Create AGS from a raw data matrix.


This function creates a number of new AGSs from a given dataset, such as gene copy number, gene/protein expression, gene methylation etc. Such matrices M typically have size Ngenes x Nsamples, so that the current function returns a list of length=ncol(M). The AGSs for each of the Nsamples are created with one of the five available methods (see parameter method).


samples2ags(m0, Ntop = NA, col.mask = NA, namesFromColumn = NA,
  method = c("significant", "top", "toppos", "topnorm", "toprandom"),
  Lowercase = 1, cutoff.q = 0.05)



input matrix.


Number of top ranking genes to include into each sample-specific AGS. Mutually exclusive with "cutoff.q". A practically recommended value of Ntop could be in the range 30...300. Ntop>1000 might decrease the analysis specificity.


To include only columns with IDs that contain the specified mask. Follows the regular expression synthax.

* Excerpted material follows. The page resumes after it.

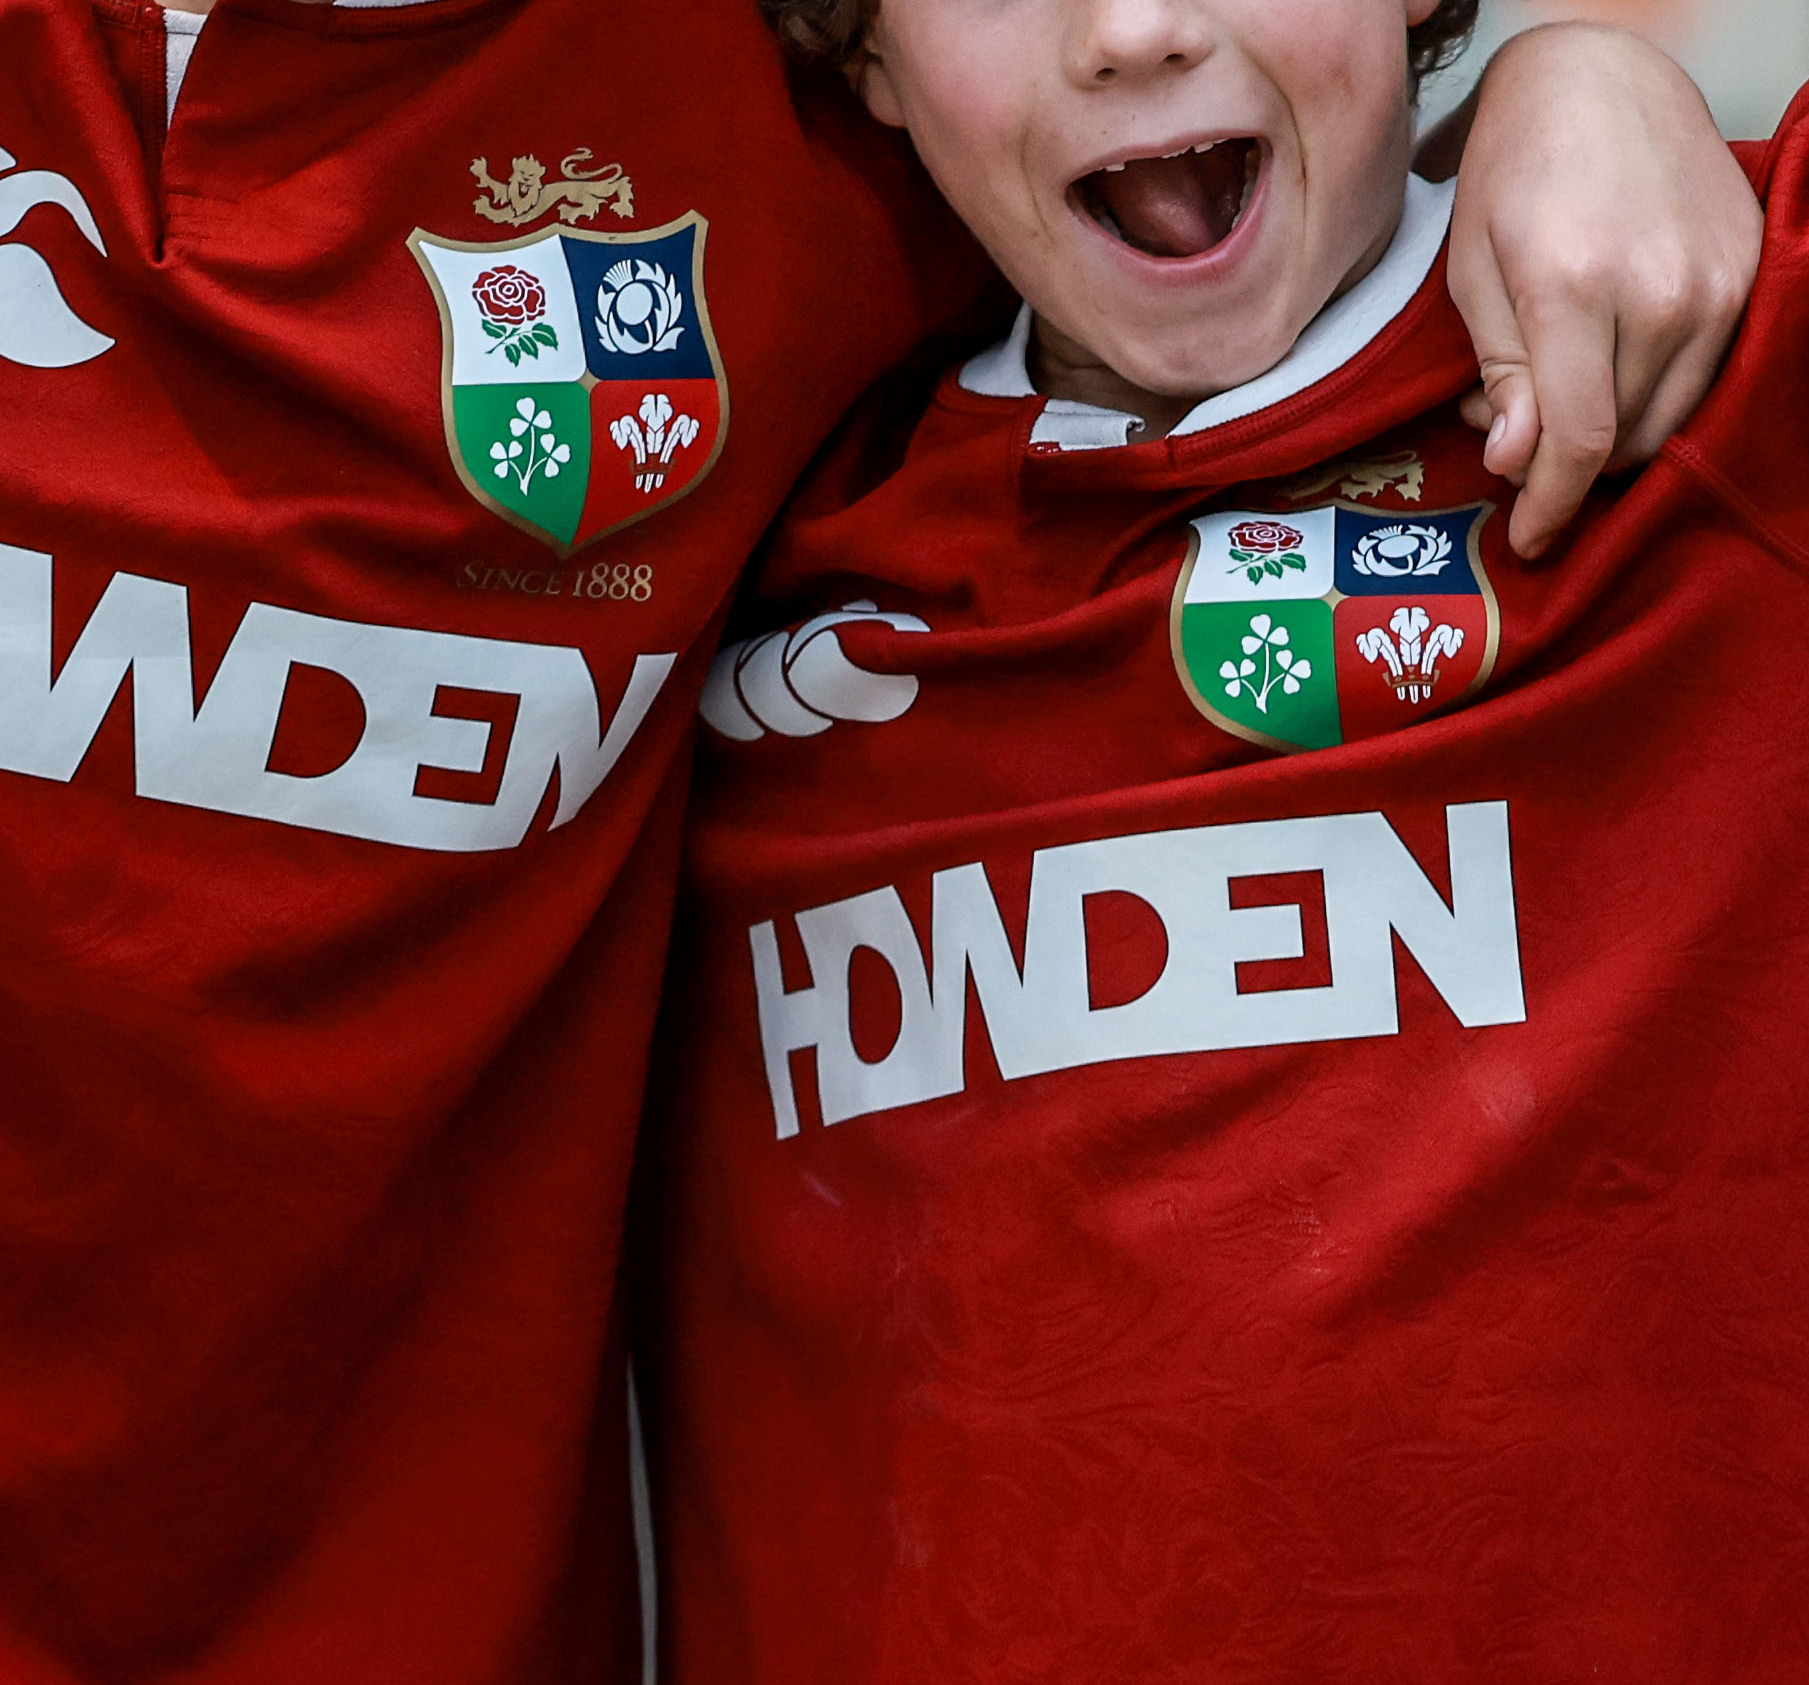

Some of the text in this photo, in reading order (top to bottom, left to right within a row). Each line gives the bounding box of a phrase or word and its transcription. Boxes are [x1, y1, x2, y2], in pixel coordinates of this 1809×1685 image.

Number of the column (if any) that contains the gene/protein names. Note that it is only necessary of the latter are NOT the unique rownames of the matrix. This could be sometimes needed to be able to process redundant expression etc. profiles.


Method to select sample-specific genes. One of

  • "significant" : The default. Using one-sided z-test, selects genes values of which in the given sample i deviate from the mean over all the samples, requiring q-value (Benjamini-Hochberg FDR) be below cutoff.q.

  • "topnorm" : similar to "significant", i.e. calculates (x[i] - mean(x)) / sd(x) but does not evaluate significance. Instead, top N ranked genes Ntop are taken into AGS.

  • "top" : similar to "topnorm", but x[i] - mean(x) is not divided with sd(x). This might help to prioritize genes with higher mean(x) and ignore ones with low signal. Consider also that AGSs from "top" overlap much more with each other than those from "topnorm", i.e. would be less sample-specific.

  • "toppos" : similar to "top", but retrives only genes with positive values of x[i] - mean(x). This might be useful when the gene expression values are small counts (such as in sincle-cell RNA sequencing), so that considering the left part of the distribution would not bring high-quality AGS.

  • "toprandom" : generates lists of Ntop random genes for each AGS.


Render gene/protein IDs lower-case.


cutoff value. Default 0.05. Mutually exclusive with "Ntop".


data("fantom5.43samples", package="NEArender")
ags.list <- samples2ags(fantom5.43samples, cutoff.q = 0.01, method="significant")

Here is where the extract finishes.